When our oldest daughter was a baby (she is almost 6 now), people would stop us everywhere we went to say hello her. They would talk to her, make faces, coochie-coo her and all that nonsense that makes people look so ridiculous. They would let their guard down for just a moment to bask in the glory that is a newborn. Even before she was born, it seemed that everywhere we went people wanted to celebrate with us this miracle growing inside the mommy’s tummy.
At the time I thought it was some weird alignment of the stars. For the first 30 years of my life, I avoided children like they were the plague. Not only was there a fear of what to do with them, I never went out of my way to say hello to a baby or to tell a mother how beautiful her daughter was. If you wanted to have kids, go with my best blessings, so long as it didn’t disrupt my life. And I thought everyone else felt the same way.
Which is why the experience we have been having with our younger daughter (turning 1 in a few weeks) is so confounding. Just like with her older sister, people seem to gravitate to Kensi. They want to talk to her, to make faces, to wave to her and blow kisses. You would think that it would only be the women, the more sensitive and expressive of our society. But to my astonishment, that wasn’t the case. Kensi’s smile and laughter traverses gender lines, racial lines, age lines. We recently took our daughters across the country and everywhere we went it seemed that people wanted to meet Kensi.

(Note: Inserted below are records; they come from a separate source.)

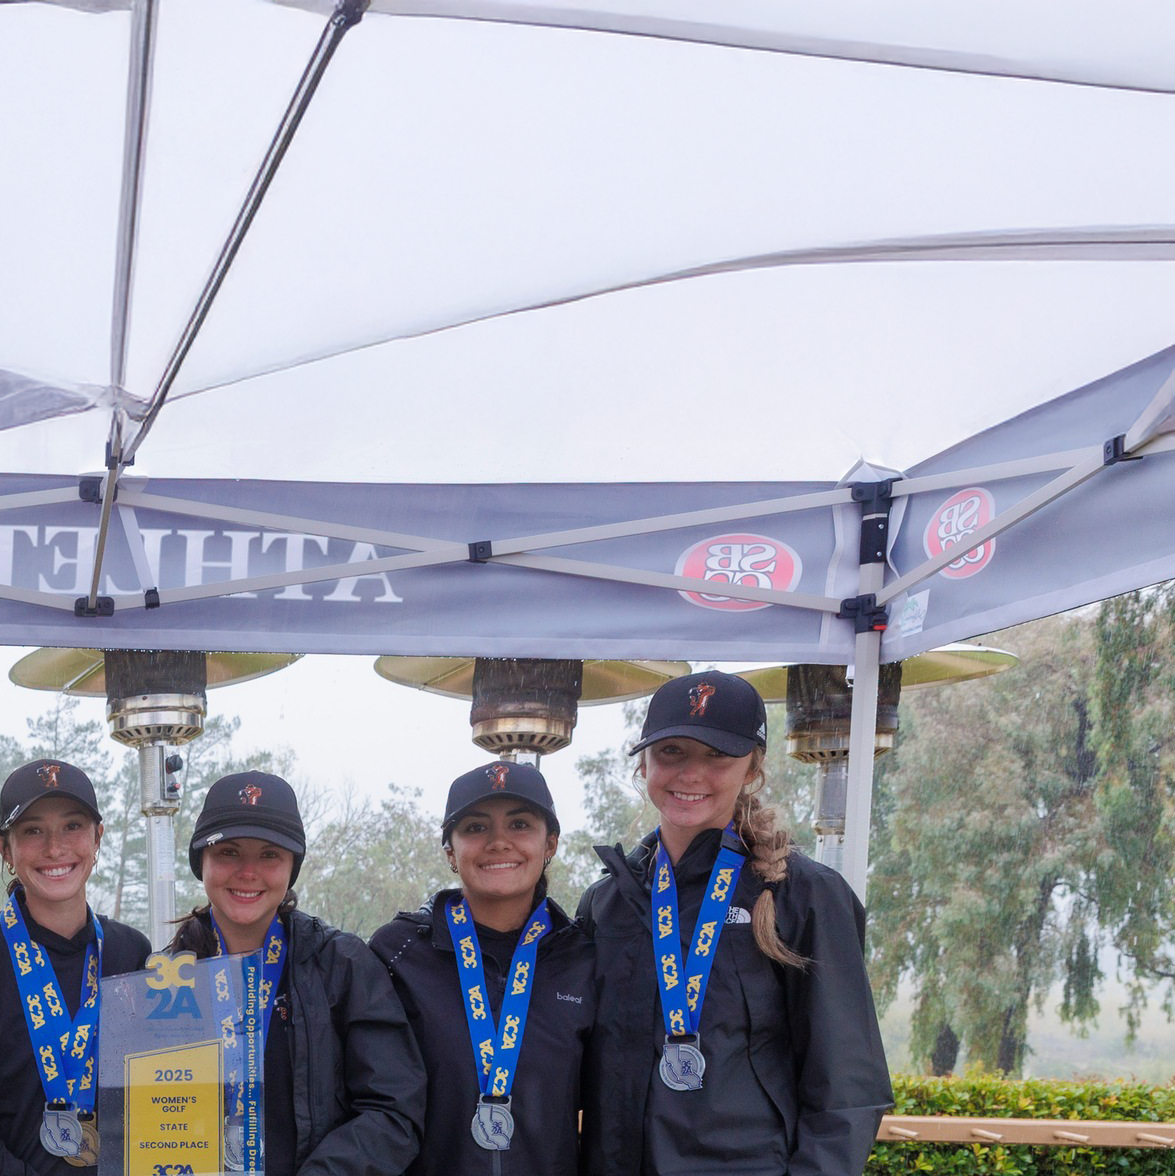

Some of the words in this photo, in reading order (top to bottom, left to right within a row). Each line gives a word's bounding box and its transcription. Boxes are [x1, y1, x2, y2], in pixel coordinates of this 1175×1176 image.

[658, 864, 671, 893] 3C2A
[711, 868, 734, 902] 3C2A
[522, 921, 546, 946] 3C2A
[658, 905, 673, 939] 3C2A
[695, 921, 718, 957] 3C2A
[14, 942, 32, 976] 3C2A
[265, 936, 282, 964] 3C2A
[459, 936, 478, 969] 3C2A
[145, 953, 195, 990] 3C
[215, 969, 229, 1002] 3C2A
[511, 961, 530, 995] 3C2A
[661, 954, 679, 991] 3C2A
[43, 982, 63, 1017] 3C2A
[146, 986, 203, 1020] 2A
[246, 966, 257, 1016] Providing
[468, 985, 487, 1021] 3C2A
[557, 992, 582, 1004] baleaf
[27, 994, 46, 1030] 3C2A
[669, 1009, 686, 1036] 3C2
[71, 1024, 91, 1059] 3C2A
[221, 1015, 237, 1049] 3C2A
[501, 1014, 520, 1050] 3C2A
[39, 1045, 59, 1082] 3C2A
[155, 1069, 193, 1082] 2025
[492, 1067, 509, 1097] 3C2
[151, 1096, 197, 1104] WOMEN'S
[160, 1123, 188, 1131] STATE
[246, 1101, 257, 1147] Fulfilling
[139, 1141, 178, 1149] SECOND
[180, 1141, 209, 1149] PLACE

People seemed to take pride in being able to get Kensi to giggle or smile. And it brightens their day, even if just for a minute.
This got me to thinking, of course. What happens to us that people stop treating us the way they did when we were babies? We all can agree that a pregnancy is a miracle. We are happy for the mother, we want to rub the belly and ask inappropriate questions. And when the baby is born, we celebrate it and give our best of wishes. But sometime between infancy and adulthood, we as a society undergo a change. We make the determination that the child is no longer worth our extra-effort. We no longer go out of our way to try to make him or her smile. Something changes in us.

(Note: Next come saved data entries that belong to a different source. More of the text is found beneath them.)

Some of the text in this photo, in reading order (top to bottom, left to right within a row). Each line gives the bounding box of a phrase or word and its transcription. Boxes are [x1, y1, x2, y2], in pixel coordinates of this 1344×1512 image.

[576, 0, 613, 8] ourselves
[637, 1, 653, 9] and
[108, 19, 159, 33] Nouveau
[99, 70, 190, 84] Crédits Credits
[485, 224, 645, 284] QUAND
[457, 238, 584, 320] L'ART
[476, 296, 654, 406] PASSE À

And that to me is a failing of our society. Babies are a miracle, which means that each one of us is a miracle. But we forget that. Why?
Look, I am not so naïve as to think that everyone sees babies the same way. I already told you that I was immune to a baby’s charms. But wouldn’t society be a better place if we treated people as the miracles that they are? We don’t have to love everybody; in fact, we don’t even have to like everybody. But if we at least acknowledged that each one of us is a miracle in our own right, that we were all at one time cooing babies that people wanted to shower with affection, wouldn’t that give us some perspective before we are mean to each other?

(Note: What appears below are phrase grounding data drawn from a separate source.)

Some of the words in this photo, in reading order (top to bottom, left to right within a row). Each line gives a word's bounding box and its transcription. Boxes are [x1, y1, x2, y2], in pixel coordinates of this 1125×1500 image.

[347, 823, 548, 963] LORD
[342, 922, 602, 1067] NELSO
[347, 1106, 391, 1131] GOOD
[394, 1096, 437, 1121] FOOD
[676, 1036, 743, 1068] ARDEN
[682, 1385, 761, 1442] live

It’s just so confusing to me that people can make ridiculous faces at a baby one minute and the next minute forget how to treat their fellow man. It simply seems to me that if we stop and think for a minute about how we would treat someone if they were a giggling, smiling baby, that we would treat people better.
Society confuses me, but it also surprises me in such pleasant ways. To see a fellow human being, a stranger, let his guard down, to devote a few seconds to a smiling little girl gives me hope for our world.
Just one example—we were in Gettysburg, Pennsylvania in July and had stopped to look at a map of the battlefields. As we were getting our bearings, a man in his 50s, obviously hardened by life with less teeth than Kensi, hobbled up to her. Just by looking at him you wouldn’t have thought he had a compassionate bone in his body. Kensi looked at him, a blank slate with no preconceived notions about the world. She smiled… and he smiled. And then he started speaking the gibberish that babies seem to love and then asked if he could take her home with him. Kensi had made his day and he had made mine, giving me hope for our world. Babies have the ability to soften our hearts; why can’t we maintain that softened heart?
Have a great week.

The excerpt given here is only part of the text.